##### AVAILABLE RECORDS
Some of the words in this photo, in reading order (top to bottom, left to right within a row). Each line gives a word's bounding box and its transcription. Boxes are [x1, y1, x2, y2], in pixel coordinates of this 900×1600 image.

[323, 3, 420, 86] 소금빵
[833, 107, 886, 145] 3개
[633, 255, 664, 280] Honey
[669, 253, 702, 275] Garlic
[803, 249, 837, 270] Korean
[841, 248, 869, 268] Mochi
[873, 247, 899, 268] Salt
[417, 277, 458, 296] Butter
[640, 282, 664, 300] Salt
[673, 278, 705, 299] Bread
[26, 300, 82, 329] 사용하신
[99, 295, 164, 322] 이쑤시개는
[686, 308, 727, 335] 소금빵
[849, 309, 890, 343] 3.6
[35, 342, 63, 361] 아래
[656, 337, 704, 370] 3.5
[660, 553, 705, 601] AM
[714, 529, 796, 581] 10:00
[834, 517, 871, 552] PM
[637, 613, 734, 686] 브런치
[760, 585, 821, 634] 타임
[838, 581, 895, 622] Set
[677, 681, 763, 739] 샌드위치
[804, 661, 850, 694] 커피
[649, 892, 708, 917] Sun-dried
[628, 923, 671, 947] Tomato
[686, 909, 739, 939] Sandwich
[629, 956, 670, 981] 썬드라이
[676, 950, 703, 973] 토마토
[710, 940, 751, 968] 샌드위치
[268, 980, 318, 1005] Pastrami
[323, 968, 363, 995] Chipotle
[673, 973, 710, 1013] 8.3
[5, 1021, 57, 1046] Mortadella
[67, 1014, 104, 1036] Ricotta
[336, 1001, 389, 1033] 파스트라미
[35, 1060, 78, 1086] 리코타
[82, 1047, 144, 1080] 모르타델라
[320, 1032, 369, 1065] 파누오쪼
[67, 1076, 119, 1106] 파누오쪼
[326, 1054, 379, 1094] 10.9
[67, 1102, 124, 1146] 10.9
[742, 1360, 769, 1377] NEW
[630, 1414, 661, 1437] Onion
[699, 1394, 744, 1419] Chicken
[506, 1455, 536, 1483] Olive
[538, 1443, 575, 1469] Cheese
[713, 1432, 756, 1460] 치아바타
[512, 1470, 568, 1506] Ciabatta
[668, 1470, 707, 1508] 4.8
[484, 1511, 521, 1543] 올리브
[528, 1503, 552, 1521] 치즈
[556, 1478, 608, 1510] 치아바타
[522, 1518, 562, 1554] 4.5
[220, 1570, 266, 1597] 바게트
##########
##### AVAILABLE RECORDS
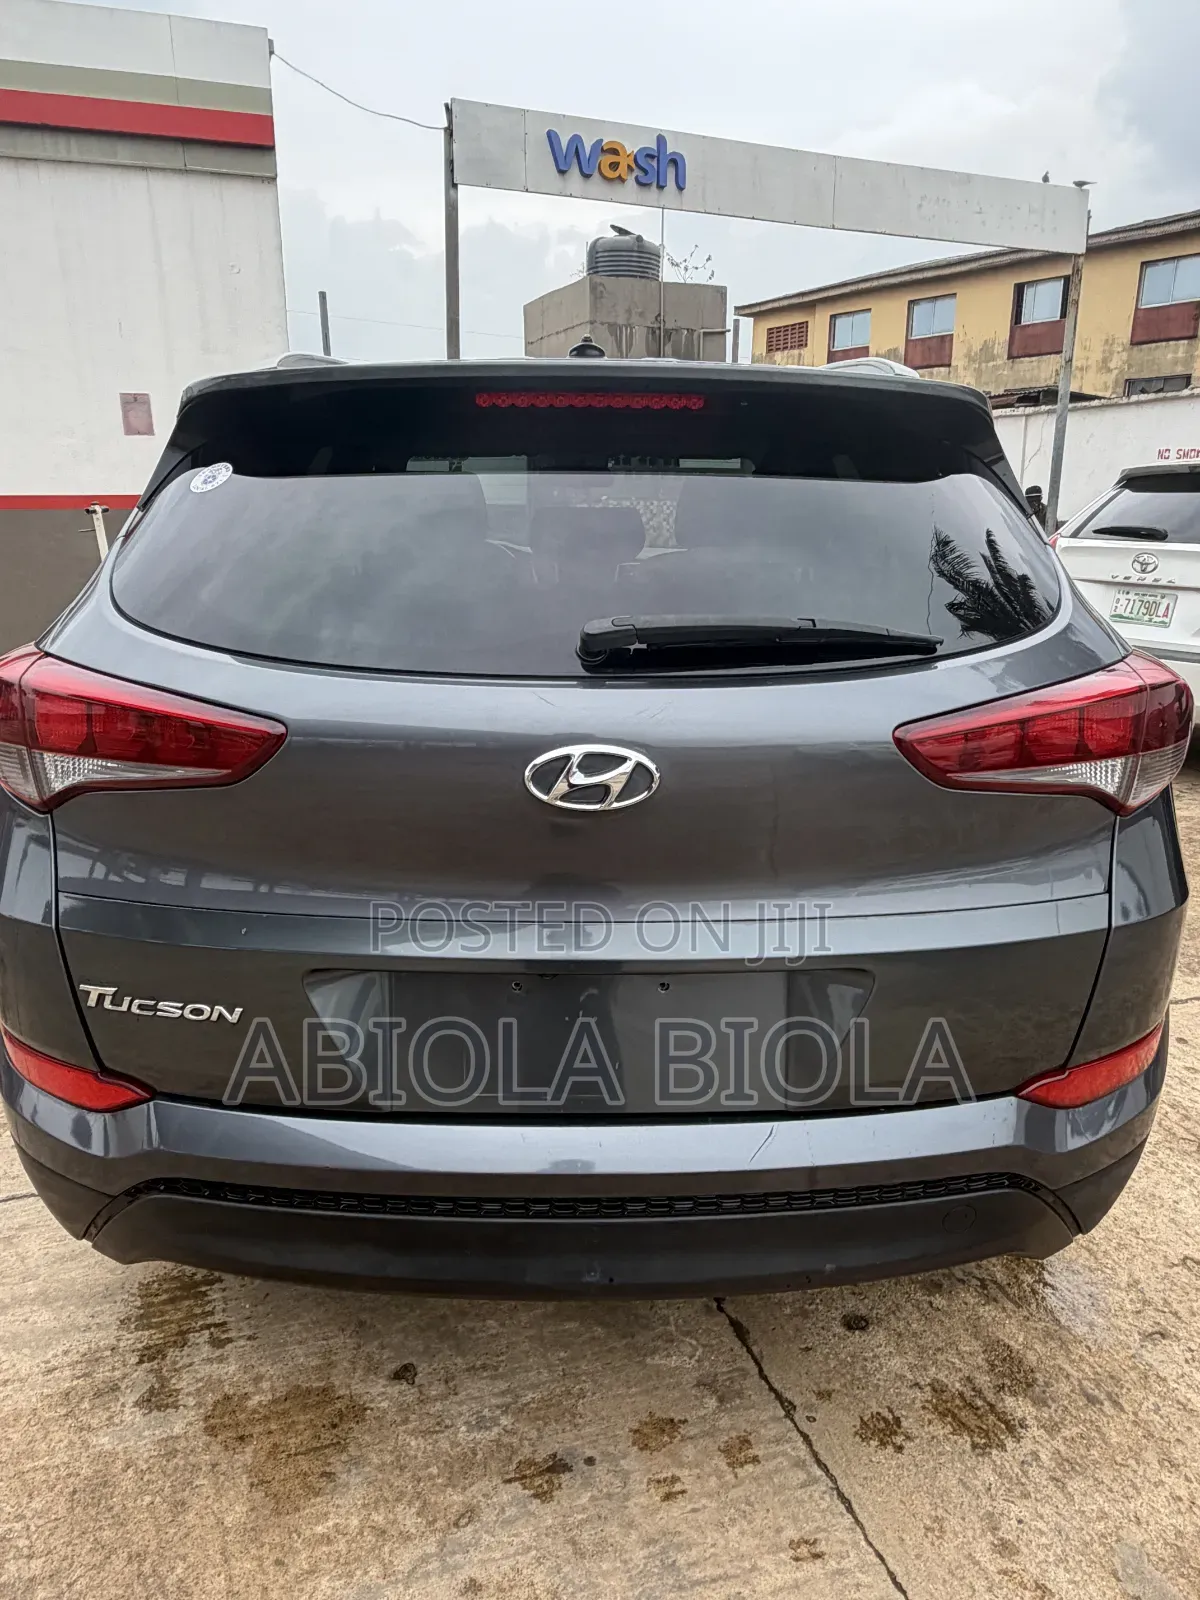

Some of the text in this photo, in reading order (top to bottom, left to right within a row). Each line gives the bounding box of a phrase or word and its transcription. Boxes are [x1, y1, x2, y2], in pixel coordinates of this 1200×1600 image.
##########
##### AVAILABLE RECORDS
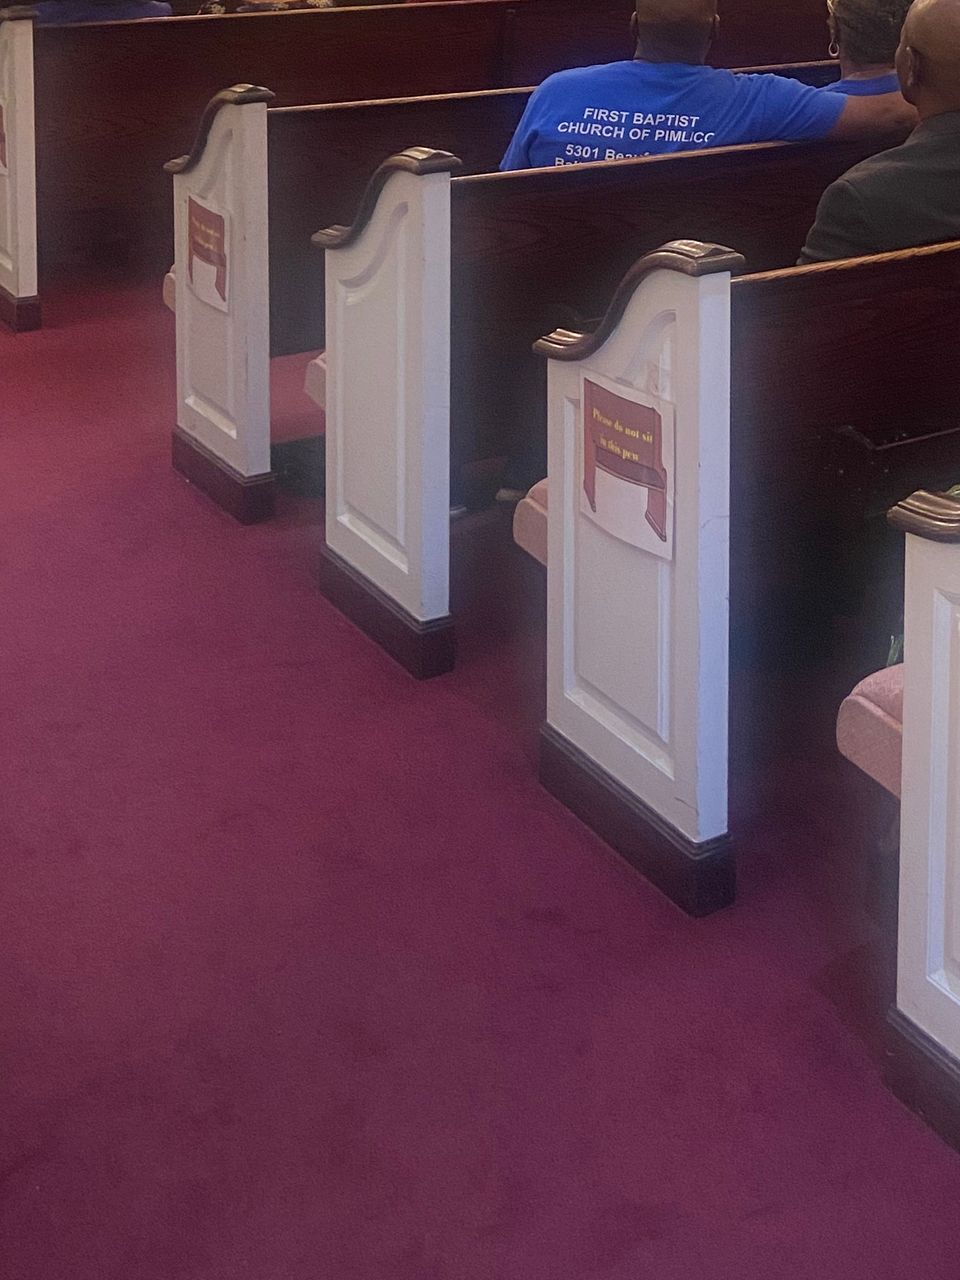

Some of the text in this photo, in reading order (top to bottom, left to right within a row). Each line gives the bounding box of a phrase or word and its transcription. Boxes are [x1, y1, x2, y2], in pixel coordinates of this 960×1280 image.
##########
**TASK TO COMPLETE:**
Could you filter the entries above for lines holding the string "phrase" and copy them?

**SOLUTION TO THIS PROBLEM:**
Some of the text in this photo, in reading order (top to bottom, left to right within a row). Each line gives the bounding box of a phrase or word and its transcription. Boxes are [x1, y1, x2, y2], in pixel coordinates of this 1200×1600 image.
Some of the text in this photo, in reading order (top to bottom, left to right within a row). Each line gives the bounding box of a phrase or word and its transcription. Boxes are [x1, y1, x2, y2], in pixel coordinates of this 960×1280 image.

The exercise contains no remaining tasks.